_Exercise instructions:_ Keep every word of the entries and print them exactly; the pictures stay out.

_Data for review:_

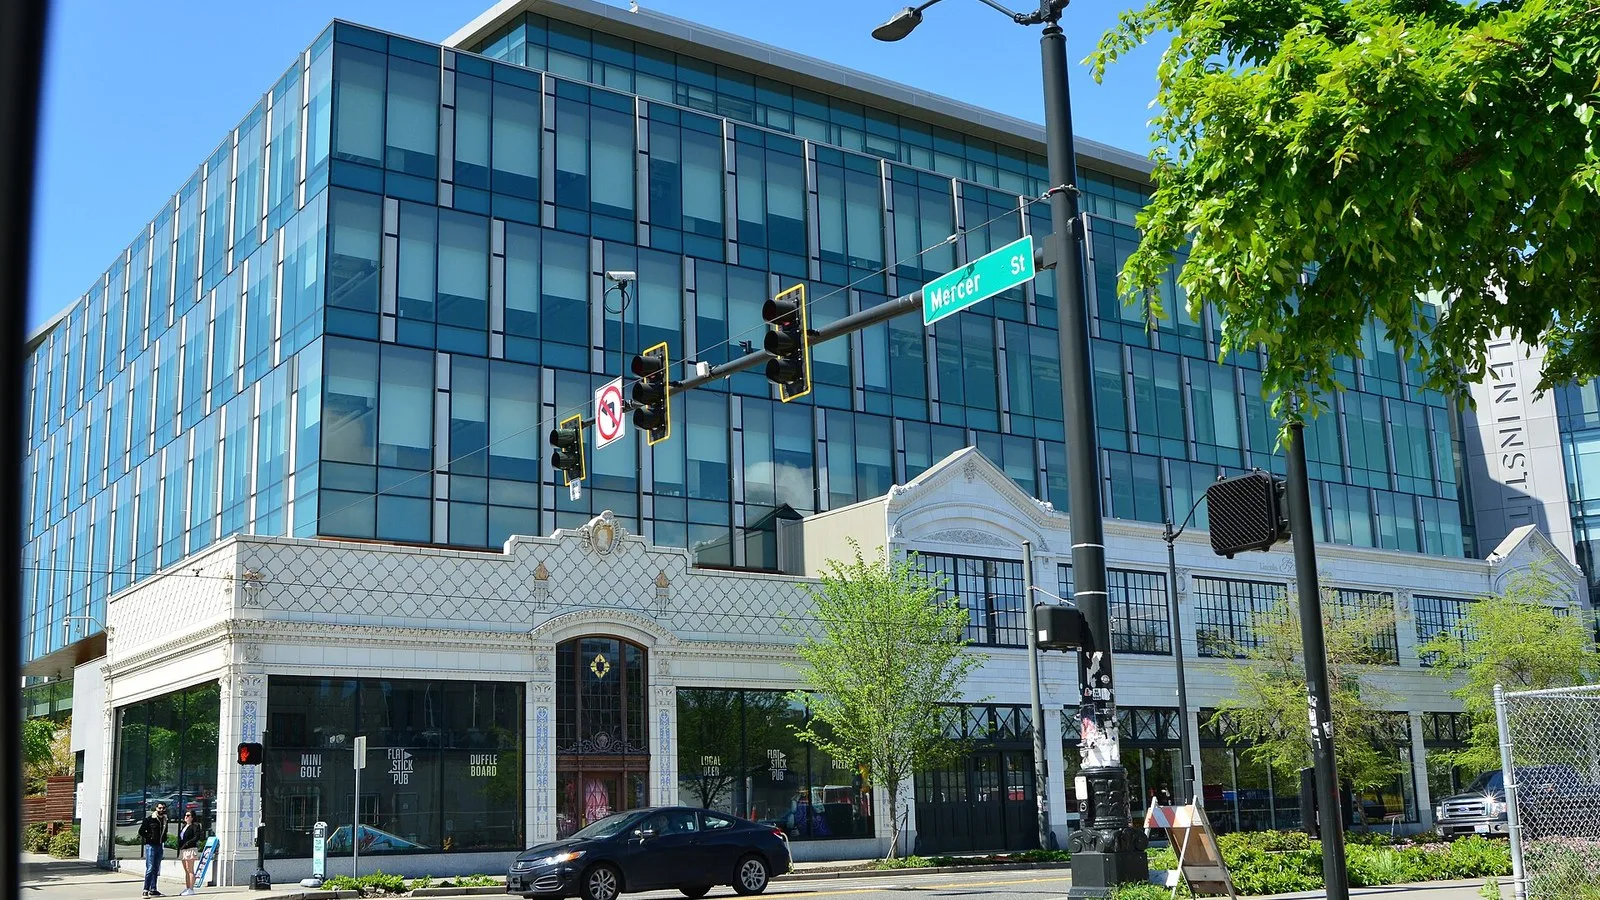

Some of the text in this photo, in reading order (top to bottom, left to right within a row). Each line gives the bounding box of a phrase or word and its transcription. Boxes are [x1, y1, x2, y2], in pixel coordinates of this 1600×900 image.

[931, 253, 1026, 312] Mercer St
[1488, 341, 1534, 524] LEN INSTIT
[301, 754, 322, 766] MINI
[387, 749, 405, 760] FLAT
[470, 754, 498, 766] DUFFLE
[767, 750, 780, 759] FLAT
[392, 760, 413, 771] STICK
[701, 755, 721, 767] LOCAL
[771, 758, 787, 769] STICK
[300, 766, 322, 778] GOLF
[470, 765, 498, 777] BOARD
[703, 766, 720, 777] BEER
[772, 770, 784, 781] PUB
[393, 773, 409, 785] PUB
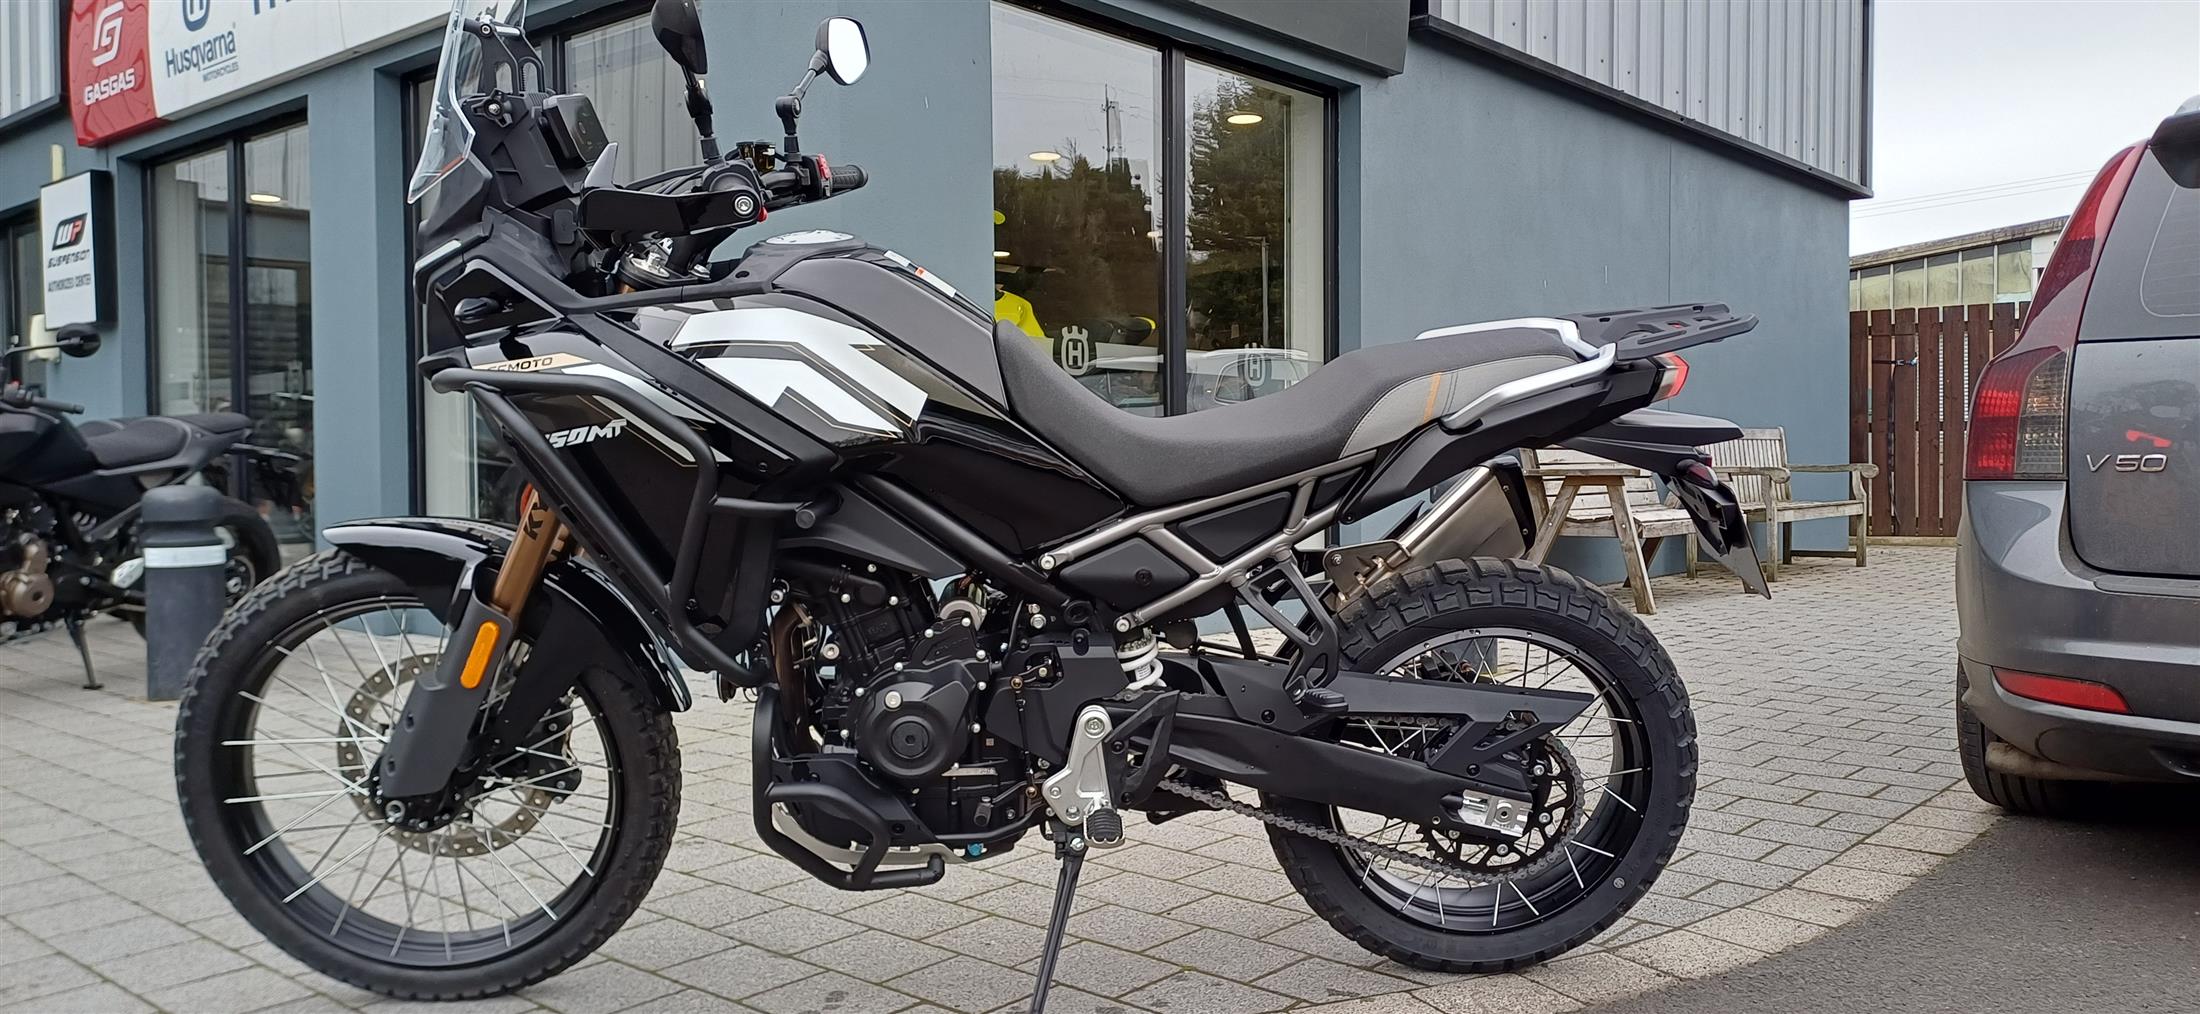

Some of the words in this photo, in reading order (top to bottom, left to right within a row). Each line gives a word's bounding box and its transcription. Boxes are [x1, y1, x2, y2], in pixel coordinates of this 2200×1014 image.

_Solution for this task:_
Some of the text in this photo, in reading order (top to bottom, left to right within a row). Each line gives the bounding box of a phrase or word and its transcription. Boxes are [x1, y1, x2, y2], in pixel coordinates of this 1600×900 image.

[931, 253, 1026, 312] Mercer St
[1488, 341, 1534, 524] LEN INSTIT
[301, 754, 322, 766] MINI
[387, 749, 405, 760] FLAT
[470, 754, 498, 766] DUFFLE
[767, 750, 780, 759] FLAT
[392, 760, 413, 771] STICK
[701, 755, 721, 767] LOCAL
[771, 758, 787, 769] STICK
[300, 766, 322, 778] GOLF
[470, 765, 498, 777] BOARD
[703, 766, 720, 777] BEER
[772, 770, 784, 781] PUB
[393, 773, 409, 785] PUB

Some of the words in this photo, in reading order (top to bottom, left to right within a row). Each line gives a word's bounding box and its transcription. Boxes are [x1, y1, x2, y2], in pixel coordinates of this 2200×1014 image.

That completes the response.